Task to carry out
For this exercise, copy all the data exactly and include none of the pictures.

(Dataset entries)
════════════════

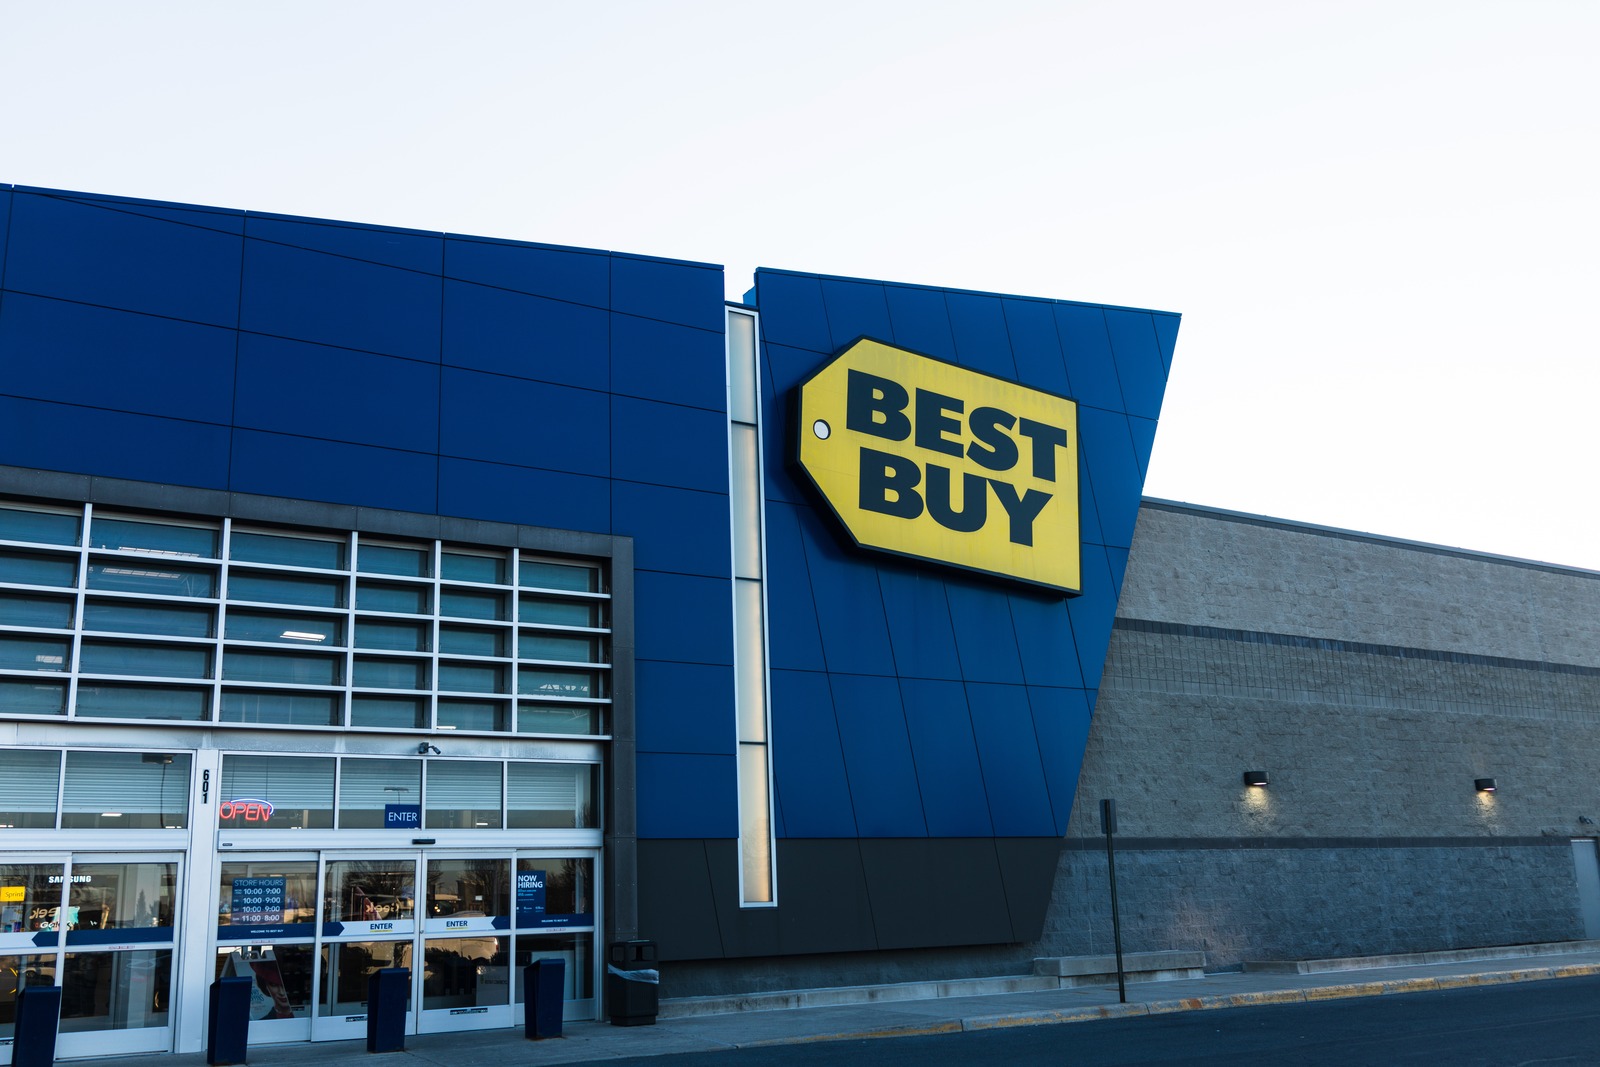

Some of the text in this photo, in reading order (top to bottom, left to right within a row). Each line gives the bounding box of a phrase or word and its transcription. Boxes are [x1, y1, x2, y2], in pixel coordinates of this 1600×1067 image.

[846, 368, 1067, 483] BEST
[859, 446, 1053, 547] BUY
[202, 769, 210, 804] 601
[219, 801, 271, 821] OPEN
[388, 812, 418, 822] ENTER
[5, 891, 24, 899] Sprint
[446, 920, 468, 928] ENTER

════════════════

Response to this task
Some of the text in this photo, in reading order (top to bottom, left to right within a row). Each line gives the bounding box of a phrase or word and its transcription. Boxes are [x1, y1, x2, y2], in pixel coordinates of this 1600×1067 image.

[846, 368, 1067, 483] BEST
[859, 446, 1053, 547] BUY
[202, 769, 210, 804] 601
[219, 801, 271, 821] OPEN
[388, 812, 418, 822] ENTER
[5, 891, 24, 899] Sprint
[446, 920, 468, 928] ENTER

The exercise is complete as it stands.